== DATA LISTING

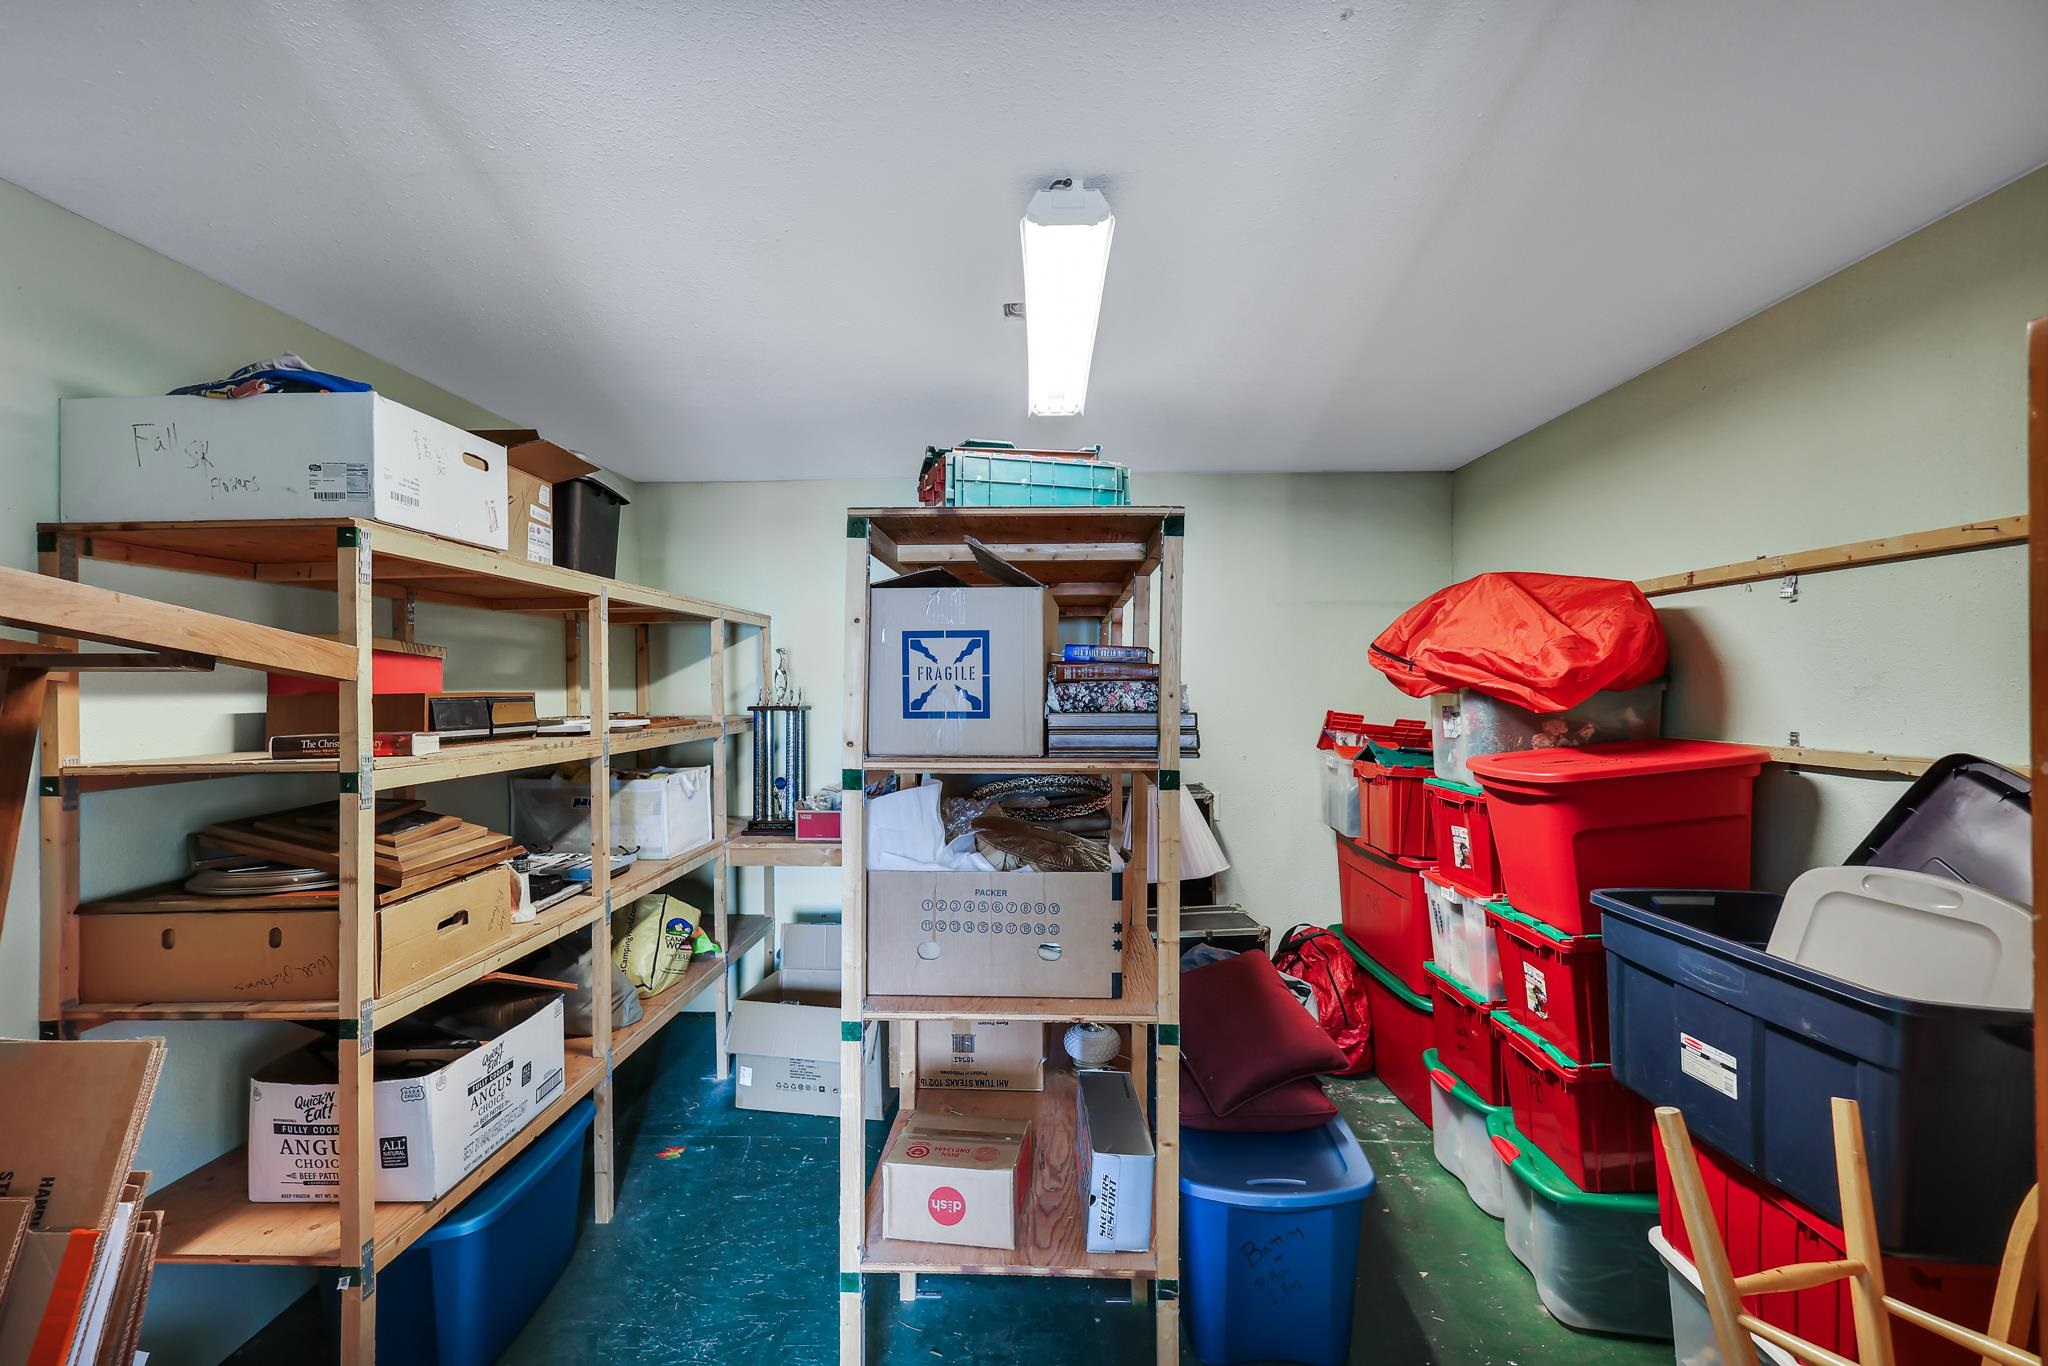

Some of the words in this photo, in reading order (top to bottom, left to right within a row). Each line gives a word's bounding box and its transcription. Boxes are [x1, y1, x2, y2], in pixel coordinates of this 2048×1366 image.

[131, 422, 177, 467] Fall
[917, 665, 976, 681] FRAGILE
[301, 739, 316, 749] The
[318, 739, 341, 749] Christ
[974, 888, 1008, 897] PACKER
[945, 1079, 974, 1088] STEAKS
[974, 1079, 995, 1088] TUNA
[470, 1072, 512, 1112] ANGUS
[294, 1091, 336, 1110] Quick'N
[478, 1092, 505, 1116] CHOICE
[303, 1103, 333, 1123] Eat!
[281, 1125, 308, 1134] FULLY
[312, 1125, 340, 1134] COOK
[279, 1138, 340, 1156] ANGU
[382, 1140, 405, 1151] ALL
[294, 1158, 340, 1169] CHOIC
[299, 1172, 317, 1180] BEEF
[318, 1172, 340, 1180] PATTI
[931, 1199, 962, 1213] dish
[1099, 1173, 1109, 1237] SKECHERS
[1107, 1178, 1117, 1224] SPORT
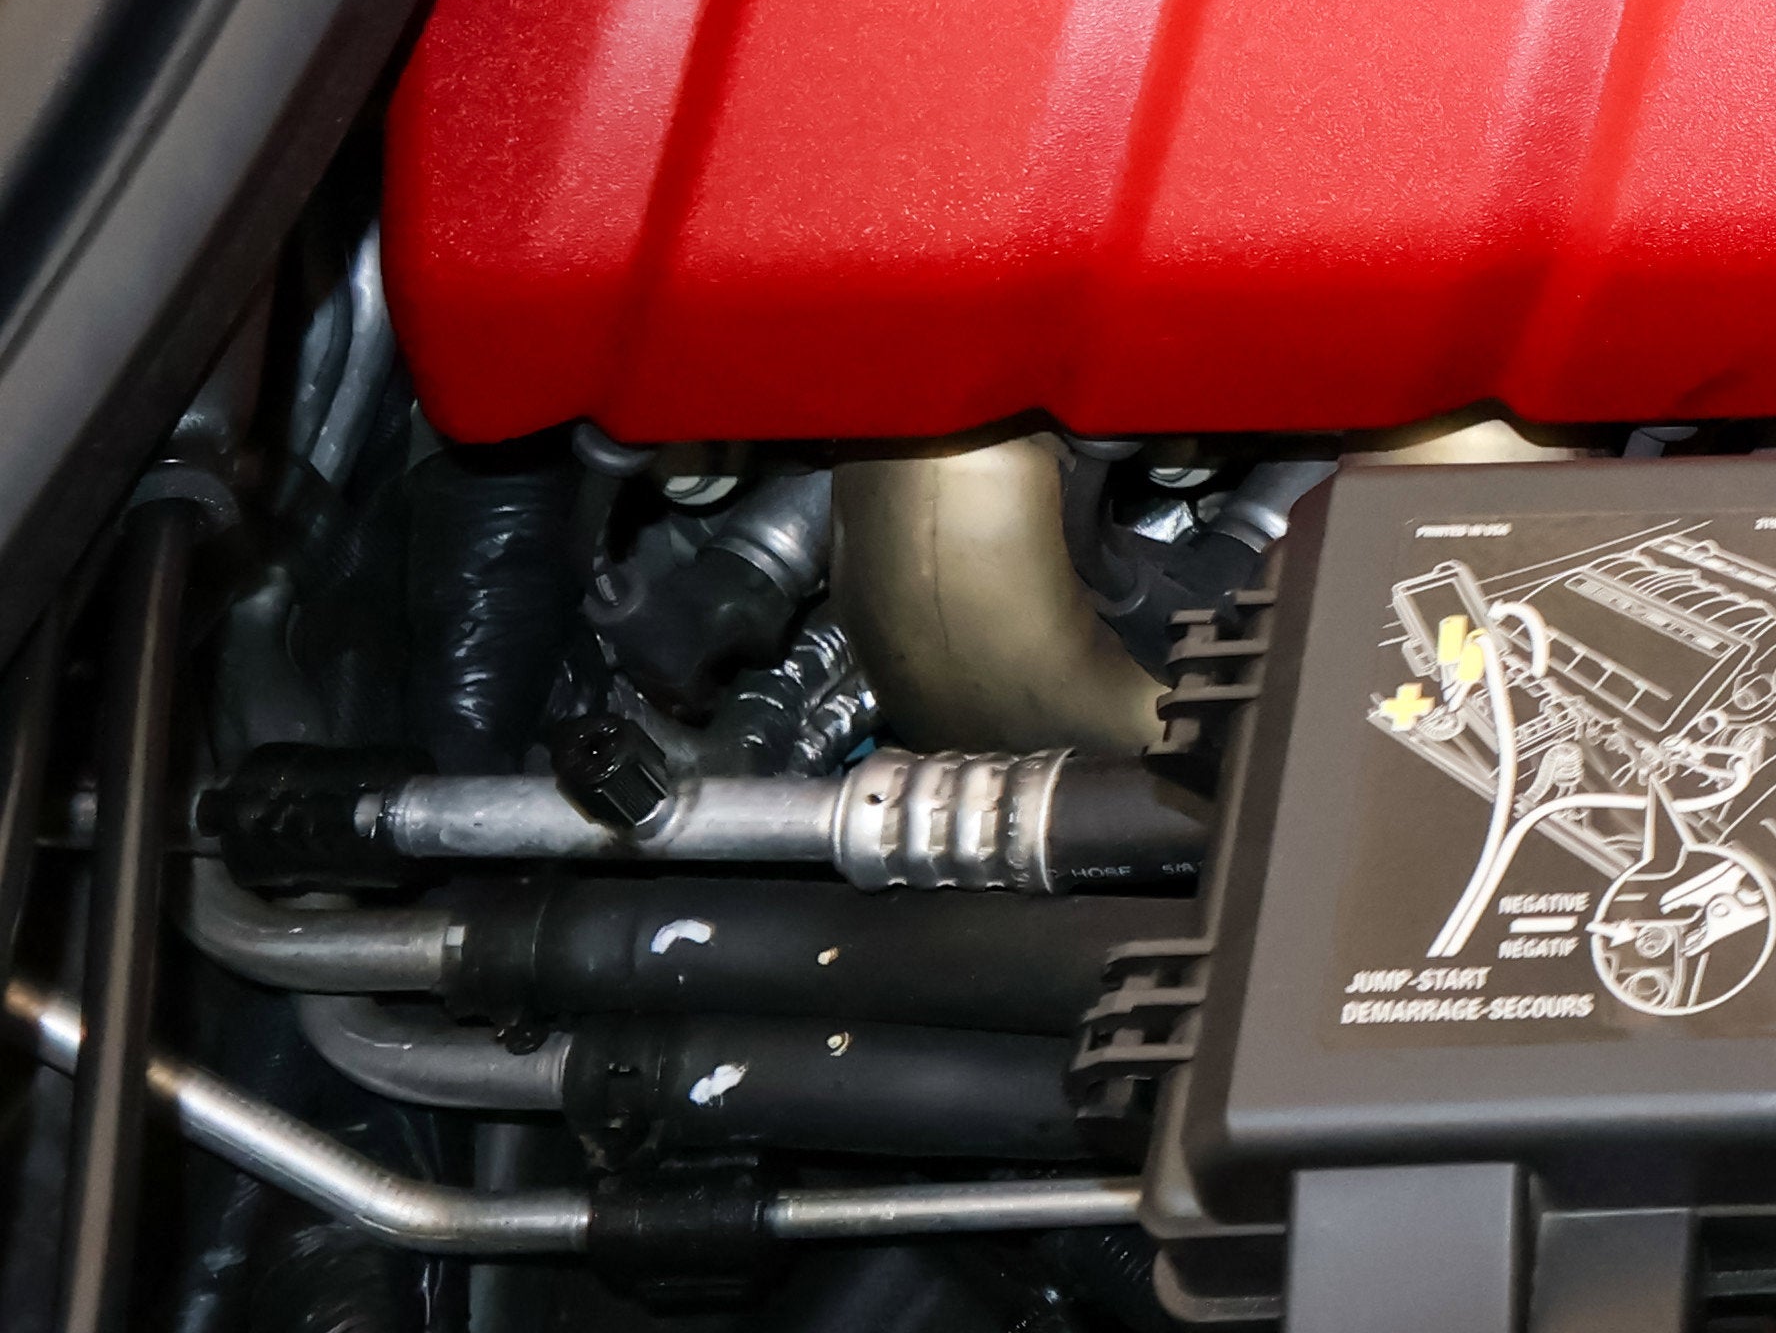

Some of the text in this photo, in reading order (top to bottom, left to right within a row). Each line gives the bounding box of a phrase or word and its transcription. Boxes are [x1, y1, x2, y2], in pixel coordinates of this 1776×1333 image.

====

* INSTRUCTIONS FOR THE TASK: Make a word-for-word repeat of the material, skipping all pictures.

* RESPONSE TO THE EXERCISE:
Some of the words in this photo, in reading order (top to bottom, left to right within a row). Each line gives a word's bounding box and its transcription. Boxes are [x1, y1, x2, y2], in pixel coordinates of this 2048×1366 image.

[131, 422, 177, 467] Fall
[917, 665, 976, 681] FRAGILE
[301, 739, 316, 749] The
[318, 739, 341, 749] Christ
[974, 888, 1008, 897] PACKER
[945, 1079, 974, 1088] STEAKS
[974, 1079, 995, 1088] TUNA
[470, 1072, 512, 1112] ANGUS
[294, 1091, 336, 1110] Quick'N
[478, 1092, 505, 1116] CHOICE
[303, 1103, 333, 1123] Eat!
[281, 1125, 308, 1134] FULLY
[312, 1125, 340, 1134] COOK
[279, 1138, 340, 1156] ANGU
[382, 1140, 405, 1151] ALL
[294, 1158, 340, 1169] CHOIC
[299, 1172, 317, 1180] BEEF
[318, 1172, 340, 1180] PATTI
[931, 1199, 962, 1213] dish
[1099, 1173, 1109, 1237] SKECHERS
[1107, 1178, 1117, 1224] SPORT

Some of the text in this photo, in reading order (top to bottom, left to right within a row). Each line gives the bounding box of a phrase or word and its transcription. Boxes are [x1, y1, x2, y2], in pixel coordinates of this 1776×1333 image.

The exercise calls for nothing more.